─── Records ───

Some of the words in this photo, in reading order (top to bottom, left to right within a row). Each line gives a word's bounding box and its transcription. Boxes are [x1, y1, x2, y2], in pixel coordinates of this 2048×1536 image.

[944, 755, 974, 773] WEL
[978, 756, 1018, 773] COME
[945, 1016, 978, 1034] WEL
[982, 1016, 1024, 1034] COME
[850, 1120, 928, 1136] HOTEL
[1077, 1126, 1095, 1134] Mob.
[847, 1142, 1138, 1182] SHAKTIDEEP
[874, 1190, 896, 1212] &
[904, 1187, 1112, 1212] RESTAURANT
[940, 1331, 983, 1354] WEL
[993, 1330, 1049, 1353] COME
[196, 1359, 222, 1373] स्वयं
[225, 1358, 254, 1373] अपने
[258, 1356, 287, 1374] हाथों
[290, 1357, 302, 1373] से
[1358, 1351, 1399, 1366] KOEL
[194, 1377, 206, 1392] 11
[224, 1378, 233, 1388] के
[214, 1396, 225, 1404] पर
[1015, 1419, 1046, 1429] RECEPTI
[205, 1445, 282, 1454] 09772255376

───

The records above should be repeated in full, exactly as given.

Answer to this task.
Some of the words in this photo, in reading order (top to bottom, left to right within a row). Each line gives a word's bounding box and its transcription. Boxes are [x1, y1, x2, y2], in pixel coordinates of this 2048×1536 image.

[944, 755, 974, 773] WEL
[978, 756, 1018, 773] COME
[945, 1016, 978, 1034] WEL
[982, 1016, 1024, 1034] COME
[850, 1120, 928, 1136] HOTEL
[1077, 1126, 1095, 1134] Mob.
[847, 1142, 1138, 1182] SHAKTIDEEP
[874, 1190, 896, 1212] &
[904, 1187, 1112, 1212] RESTAURANT
[940, 1331, 983, 1354] WEL
[993, 1330, 1049, 1353] COME
[196, 1359, 222, 1373] स्वयं
[225, 1358, 254, 1373] अपने
[258, 1356, 287, 1374] हाथों
[290, 1357, 302, 1373] से
[1358, 1351, 1399, 1366] KOEL
[194, 1377, 206, 1392] 11
[224, 1378, 233, 1388] के
[214, 1396, 225, 1404] पर
[1015, 1419, 1046, 1429] RECEPTI
[205, 1445, 282, 1454] 09772255376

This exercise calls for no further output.